Problem details ▸ When you restate the records, do so word for word and omit any picture they contain.

Source data ▸

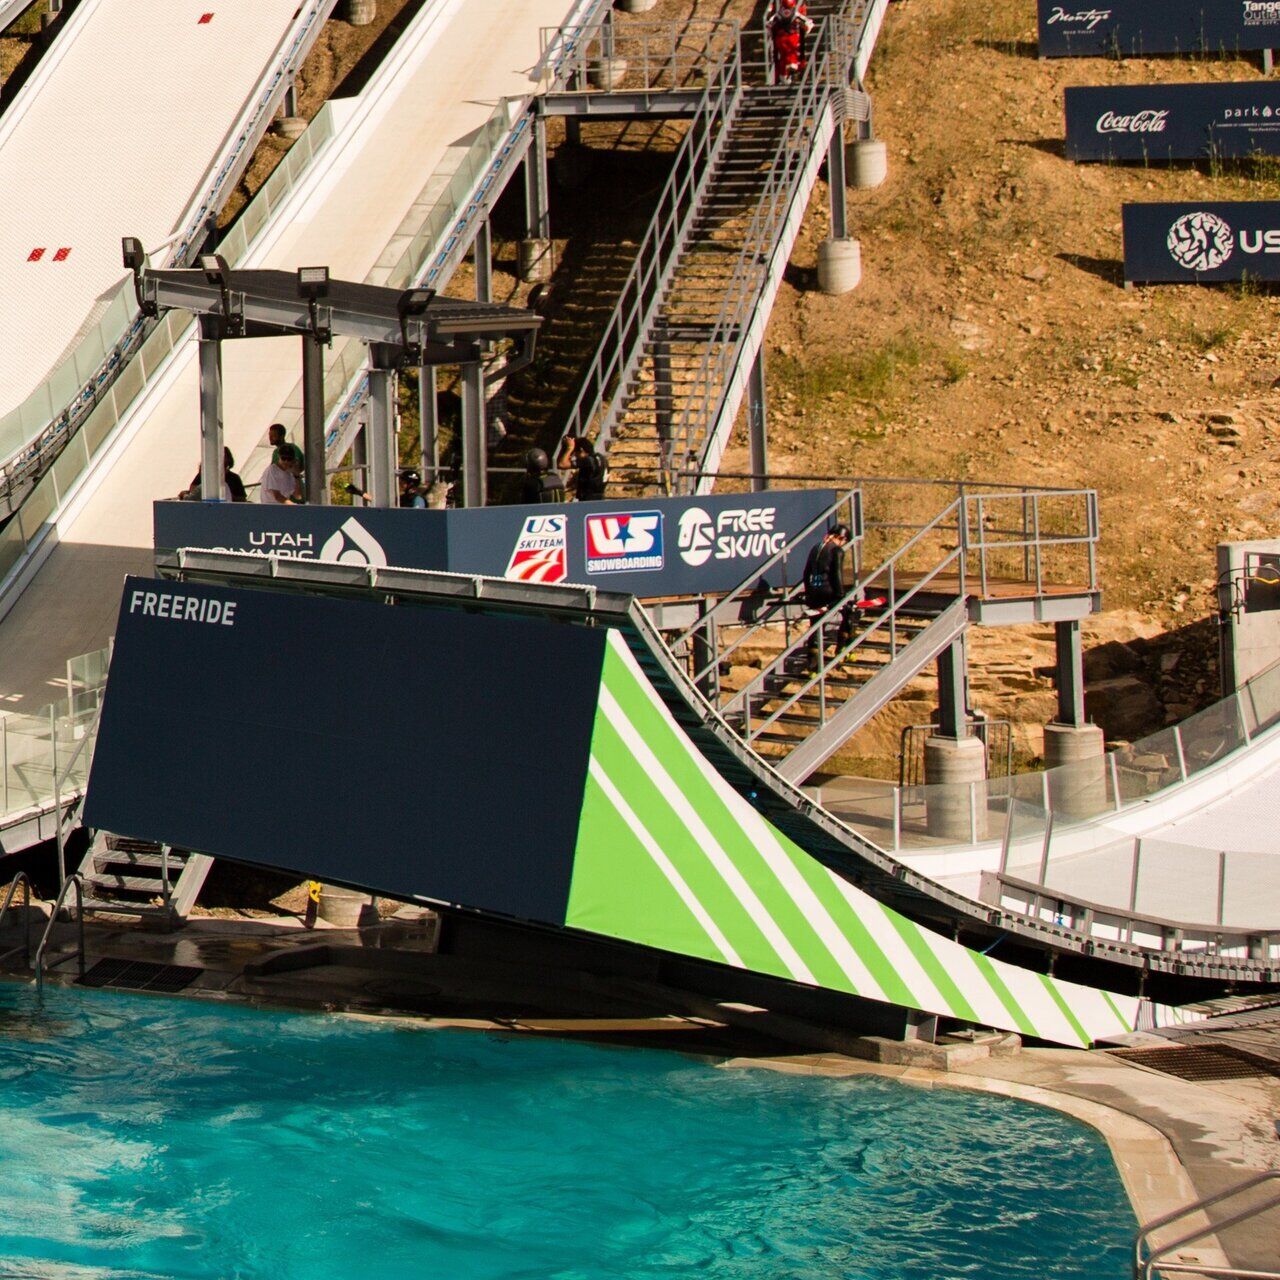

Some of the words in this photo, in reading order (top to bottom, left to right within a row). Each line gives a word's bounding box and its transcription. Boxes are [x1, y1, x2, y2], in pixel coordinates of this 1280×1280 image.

[1046, 6, 1113, 30] Montage
[1095, 109, 1171, 133] Coca-Cola
[1224, 105, 1259, 119] park
[526, 517, 563, 533] US
[717, 507, 776, 533] FREE
[249, 531, 313, 547] UTAH
[518, 538, 537, 549] SKI
[538, 537, 564, 548] TEAM
[588, 516, 659, 554] US
[587, 555, 663, 572] SNOWBOARDING
[129, 590, 237, 626] FREERIDE

Response below ▸
Some of the words in this photo, in reading order (top to bottom, left to right within a row). Each line gives a word's bounding box and its transcription. Boxes are [x1, y1, x2, y2], in pixel coordinates of this 1280×1280 image.

[1046, 6, 1113, 30] Montage
[1095, 109, 1171, 133] Coca-Cola
[1224, 105, 1259, 119] park
[526, 517, 563, 533] US
[717, 507, 776, 533] FREE
[249, 531, 313, 547] UTAH
[518, 538, 537, 549] SKI
[538, 537, 564, 548] TEAM
[588, 516, 659, 554] US
[587, 555, 663, 572] SNOWBOARDING
[129, 590, 237, 626] FREERIDE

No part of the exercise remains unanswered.